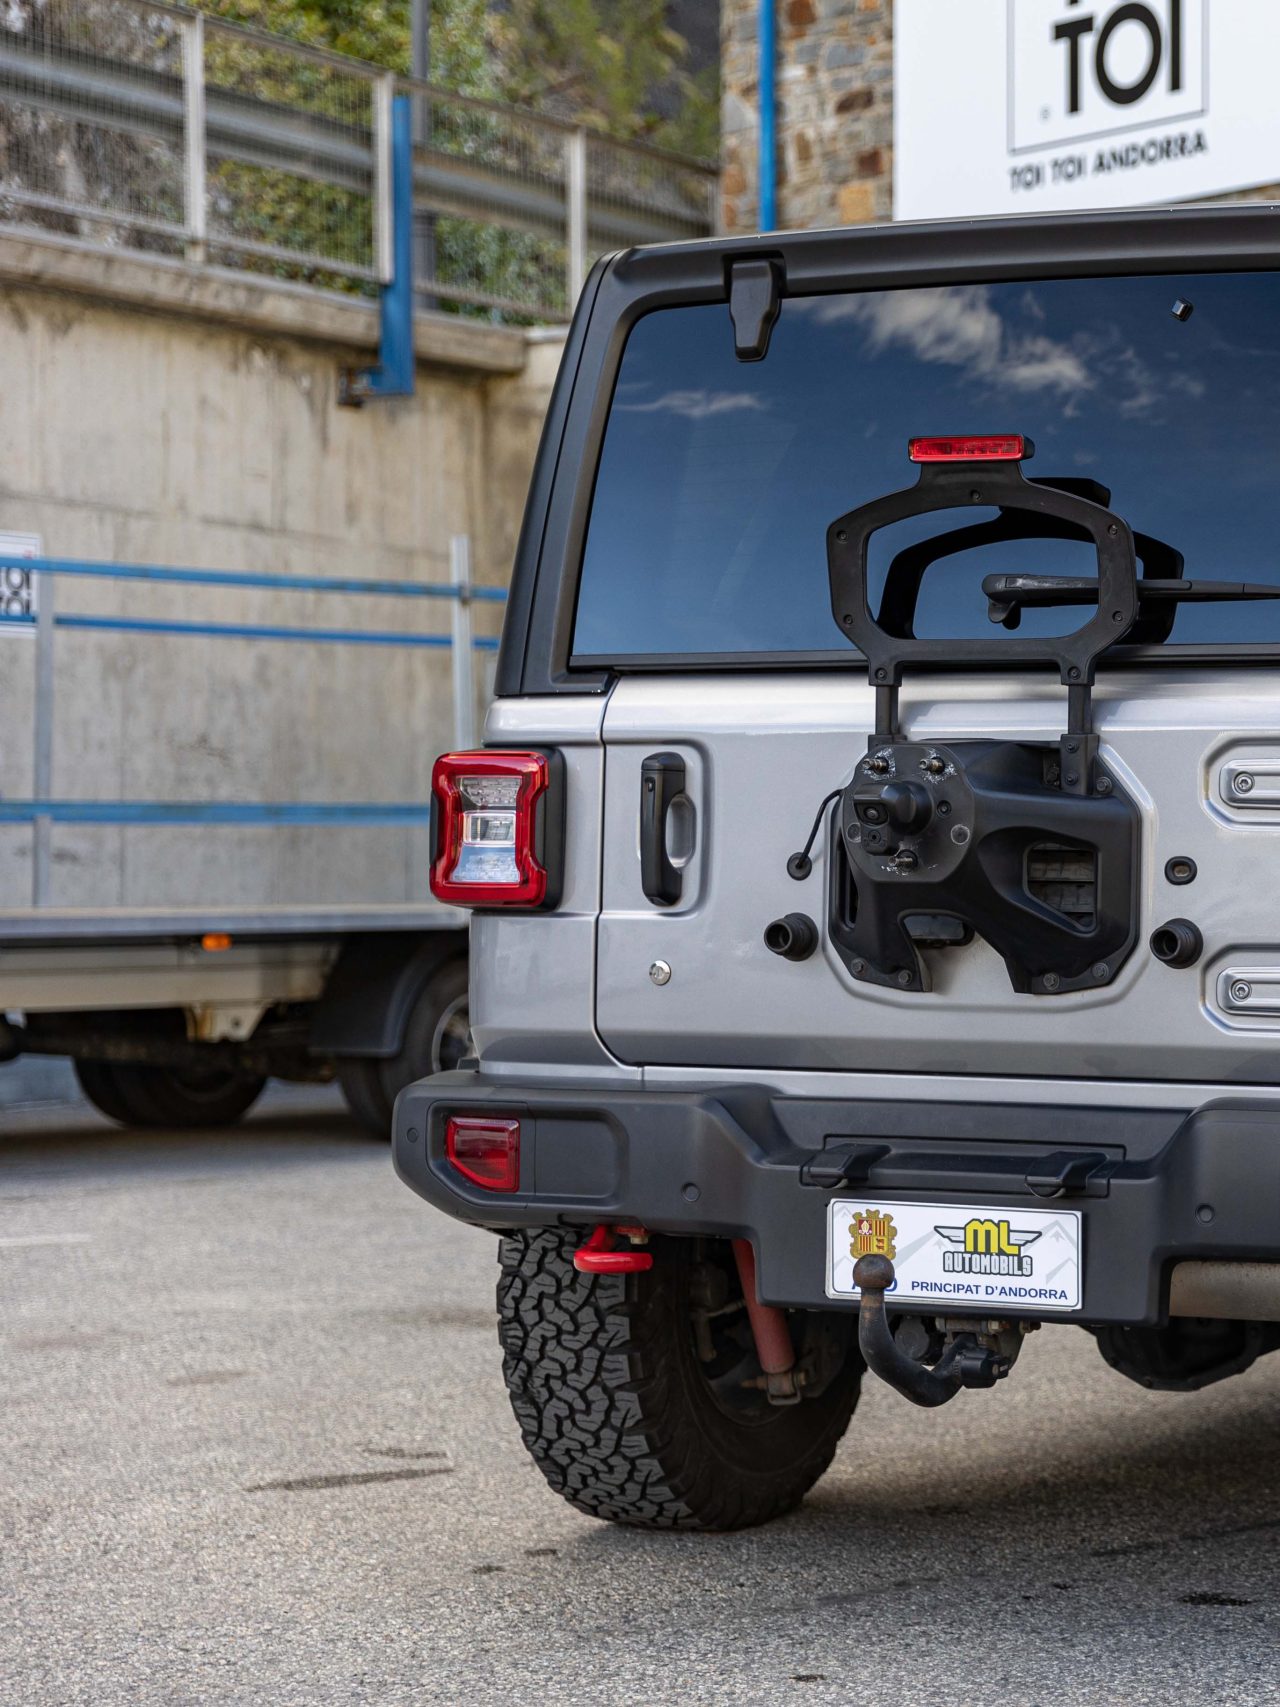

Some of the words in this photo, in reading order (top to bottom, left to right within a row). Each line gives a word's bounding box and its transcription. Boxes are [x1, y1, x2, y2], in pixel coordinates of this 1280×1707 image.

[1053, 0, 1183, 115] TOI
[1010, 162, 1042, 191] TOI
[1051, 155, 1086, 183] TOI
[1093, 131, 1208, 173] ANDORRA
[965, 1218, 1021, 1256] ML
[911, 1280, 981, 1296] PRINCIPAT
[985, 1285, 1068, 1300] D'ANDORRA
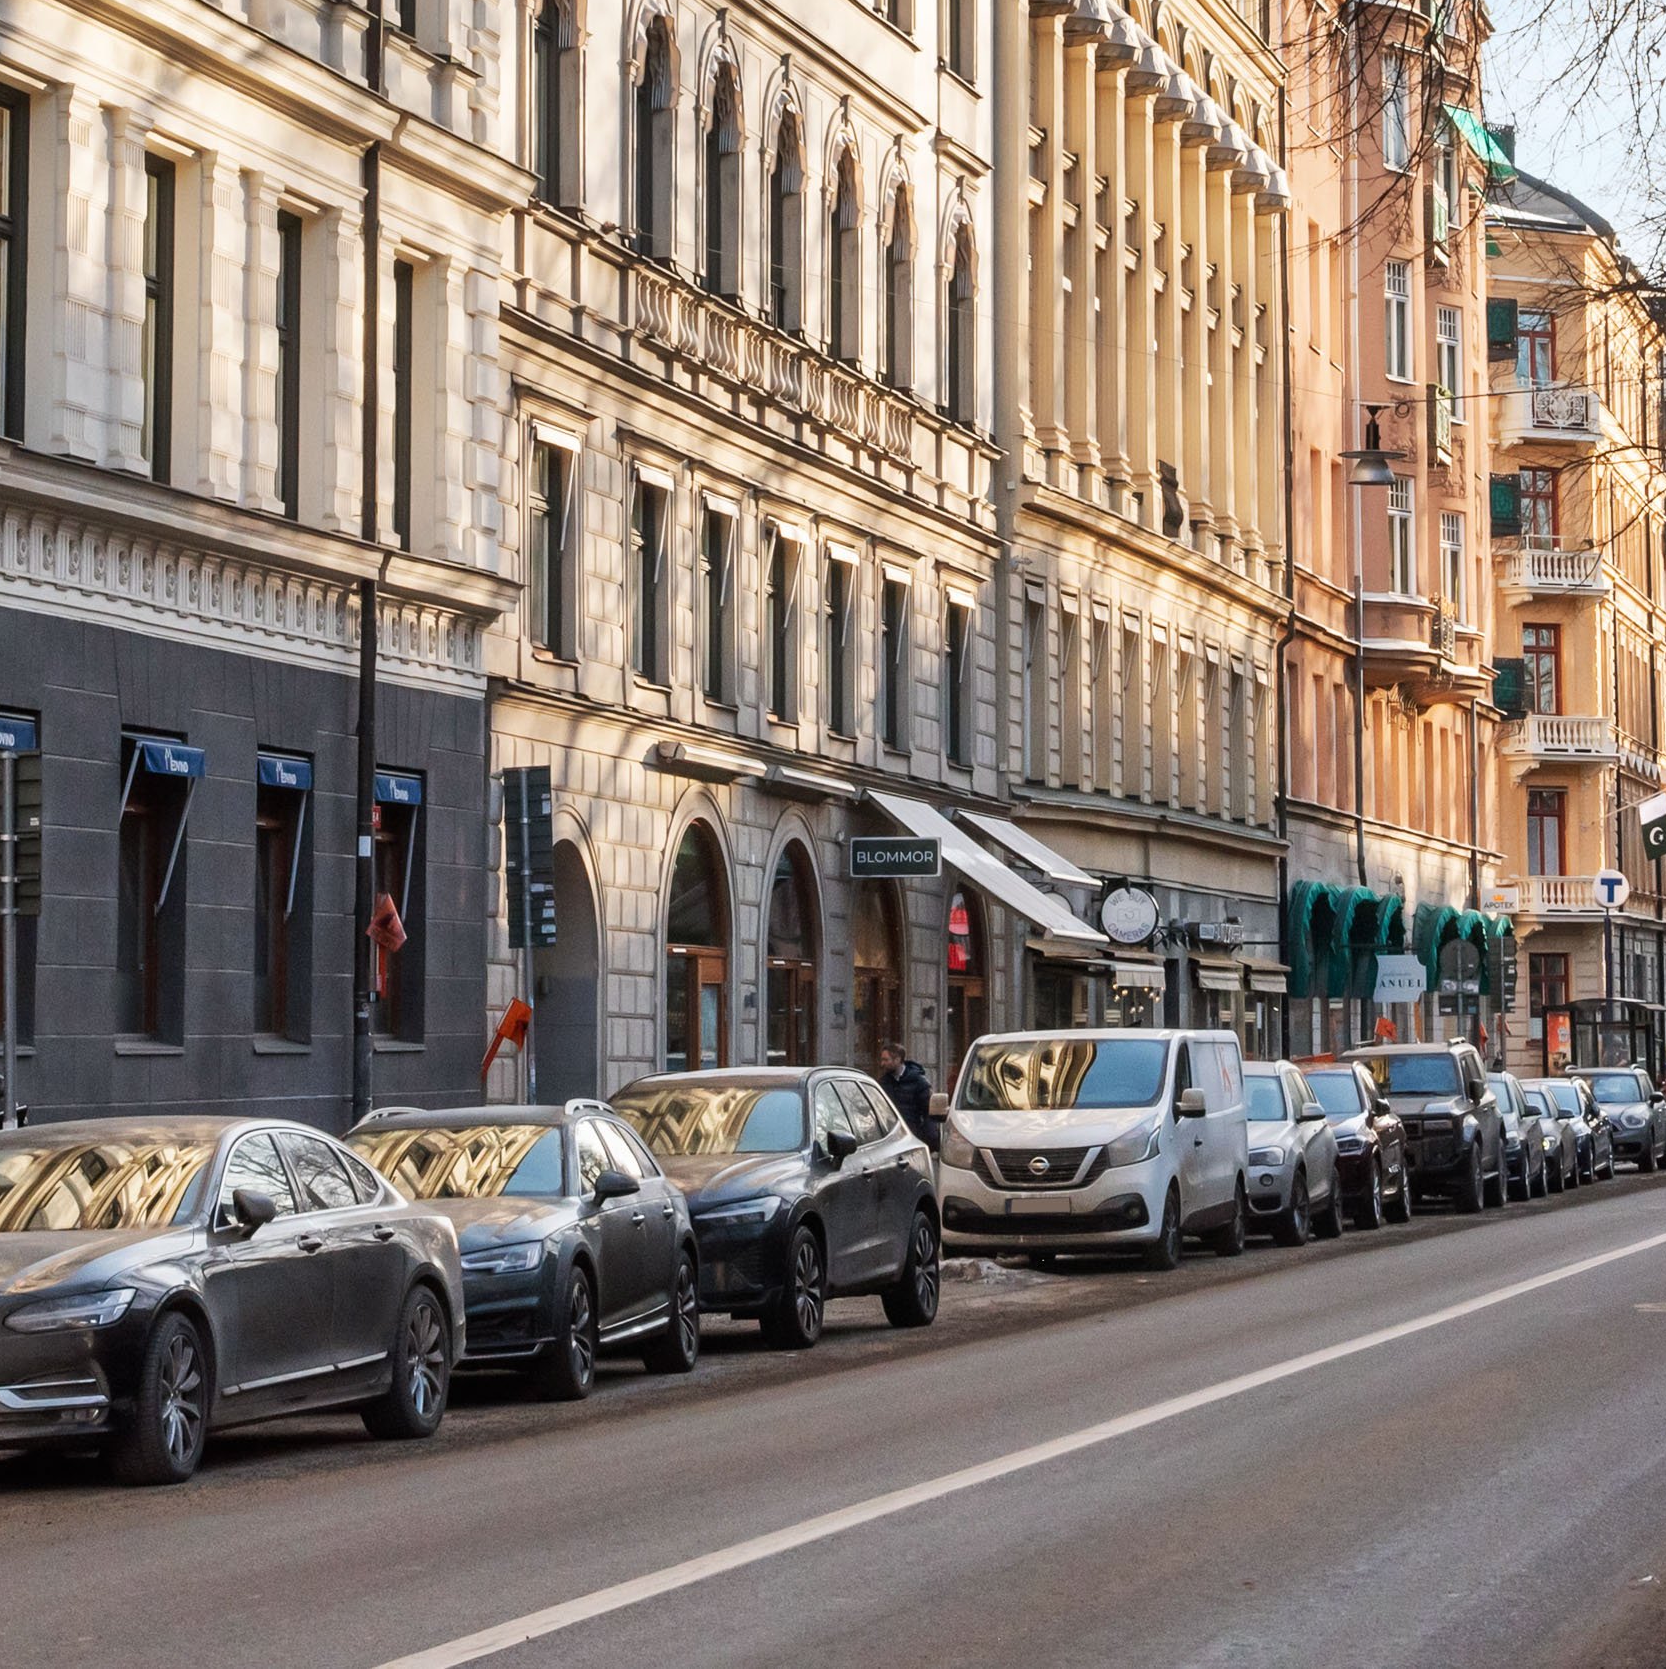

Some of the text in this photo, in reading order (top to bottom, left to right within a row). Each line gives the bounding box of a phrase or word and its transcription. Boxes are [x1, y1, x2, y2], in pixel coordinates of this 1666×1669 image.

Brief
Every line above should be transcribed exactly, though no image should be carried over.

Answer for the task
Some of the words in this photo, in reading order (top to bottom, left to right within a row). Each line gives a word's bounding box and its transcription. Boxes are [x1, y1, x2, y2], in pixel coordinates of this 1280×1707 image.

[1053, 0, 1183, 115] TOI
[1010, 162, 1042, 191] TOI
[1051, 155, 1086, 183] TOI
[1093, 131, 1208, 173] ANDORRA
[965, 1218, 1021, 1256] ML
[911, 1280, 981, 1296] PRINCIPAT
[985, 1285, 1068, 1300] D'ANDORRA

Some of the text in this photo, in reading order (top to bottom, left to right within a row). Each line gives the bounding box of a phrase or word and its transcription. Boxes are [x1, y1, x2, y2], in pixel coordinates of this 1666×1669 image.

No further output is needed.